The growing resistance of bacteria to antimicrobial agents has intensified the need for novel strategies to combat bacterial infections, particularly those associated with biofilm formation. Biofilms enhance bacterial resilience against hostile environments, immune responses, and antimicrobial treatments. The ability of biofilms to influence bacterial pathogenesis underscores the critical need for new antibacterial agents with anti-biofilm activity. This research aims to synthesize cost-effective, structurally diverse, chemical compounds with the biological significance of disrupting biofilm formation. Here, we report a facile sequential reaction for one-pot, four-component synthesis of spiropyrrolidine heterocycles with 1,3-dipolar cycloaddition of azomethine ylide. The multicomponent reaction (MCR) provides high yield and regioselectivity of the desired product, under mild reaction conditions.
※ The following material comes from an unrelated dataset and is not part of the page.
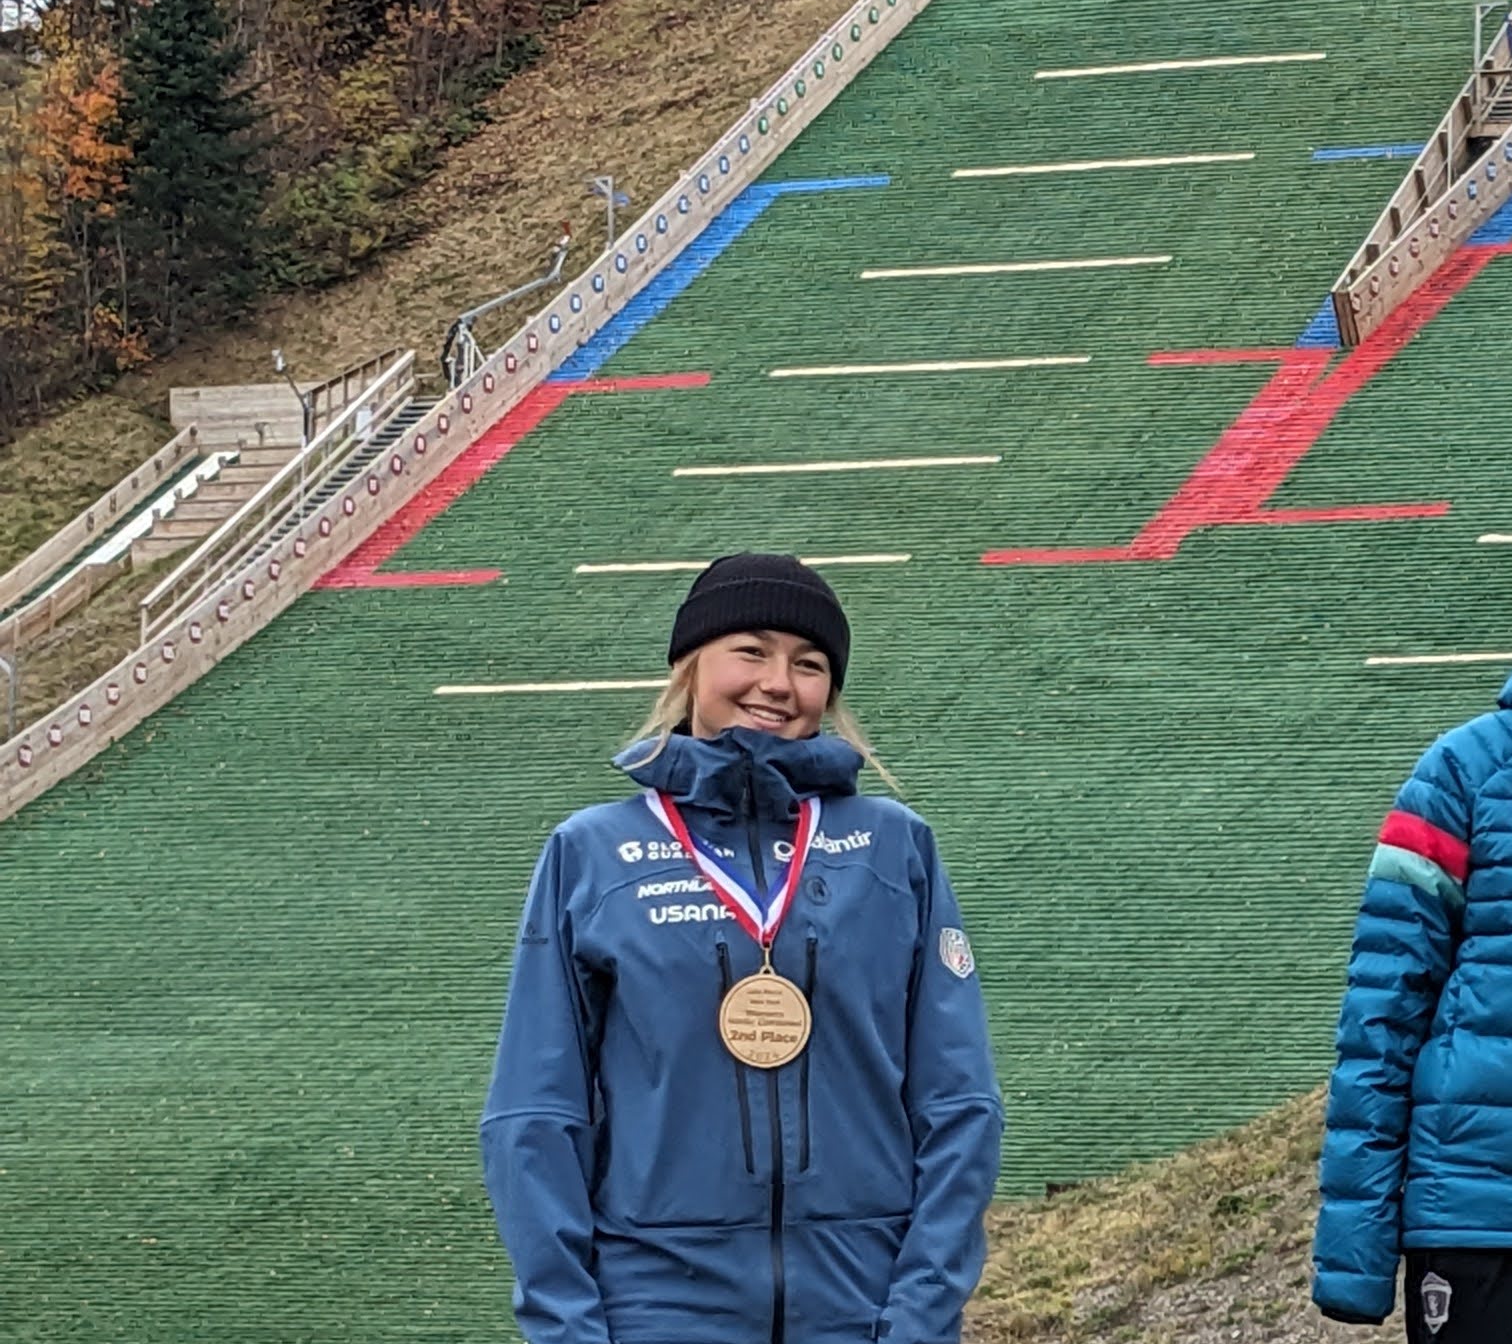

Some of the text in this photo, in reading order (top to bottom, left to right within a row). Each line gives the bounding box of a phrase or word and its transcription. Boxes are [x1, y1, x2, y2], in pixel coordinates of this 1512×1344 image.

Preliminary screening for these novel compounds involves biofilm assays, which assess the developmental processes of biofilms, providing insights into the compounds' biological potential. Subsequent in vitro experiments assessed their antibacterial potential against B. subtilis and P. aeruginosa using the minimum inhibitory concentration (MIC) assay. A cell culture assay evaluated toxicity of these compounds in MDA-MB-231 cell lines. All these investigations cumulatively highlight the potential of these molecules as antibacterial agents for B. subtilis and P. aeruginosa.